● Materials provided
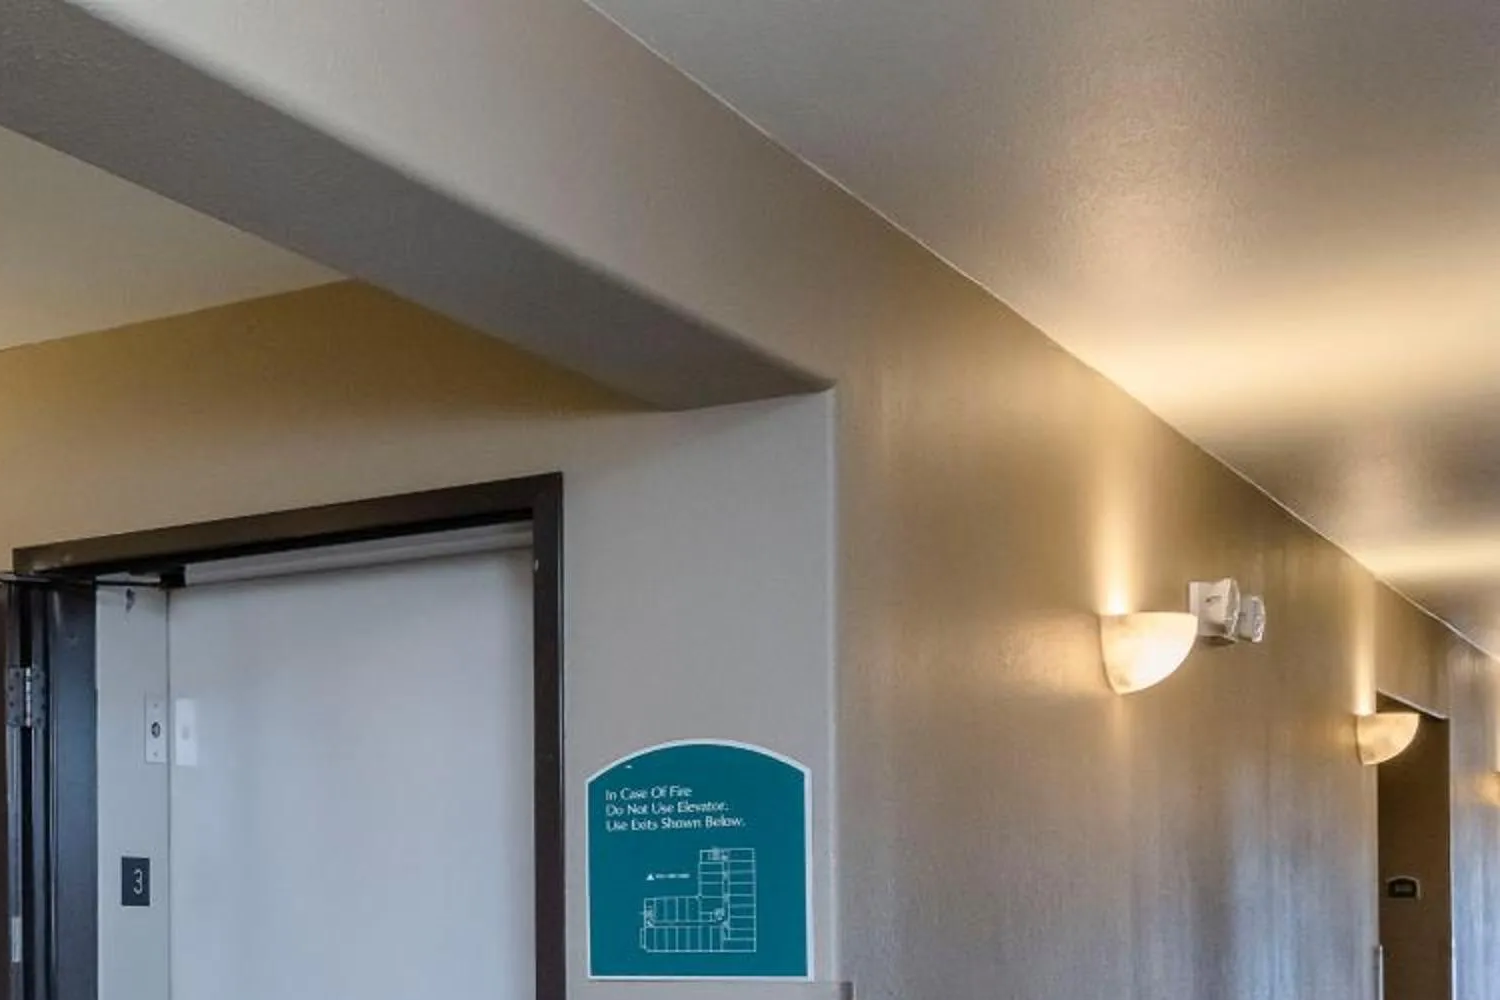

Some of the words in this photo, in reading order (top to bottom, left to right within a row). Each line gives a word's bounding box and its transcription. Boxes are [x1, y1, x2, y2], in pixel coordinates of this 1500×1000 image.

[605, 789, 618, 801] In
[620, 787, 648, 800] Case
[651, 785, 668, 799] Of
[669, 785, 693, 798] Fire
[605, 803, 624, 816] Do
[627, 802, 649, 815] Not
[651, 801, 674, 815] Use
[605, 819, 629, 832] Use
[631, 818, 659, 831] Exits
[660, 816, 702, 830] Shown
[705, 814, 747, 828] Below.
[133, 868, 143, 894] 3

● Your task
If an entry contains an image, skip the image and return the rest of the listing unchanged.

● Task solution
Some of the words in this photo, in reading order (top to bottom, left to right within a row). Each line gives a word's bounding box and its transcription. Boxes are [x1, y1, x2, y2], in pixel coordinates of this 1500×1000 image.

[605, 789, 618, 801] In
[620, 787, 648, 800] Case
[651, 785, 668, 799] Of
[669, 785, 693, 798] Fire
[605, 803, 624, 816] Do
[627, 802, 649, 815] Not
[651, 801, 674, 815] Use
[605, 819, 629, 832] Use
[631, 818, 659, 831] Exits
[660, 816, 702, 830] Shown
[705, 814, 747, 828] Below.
[133, 868, 143, 894] 3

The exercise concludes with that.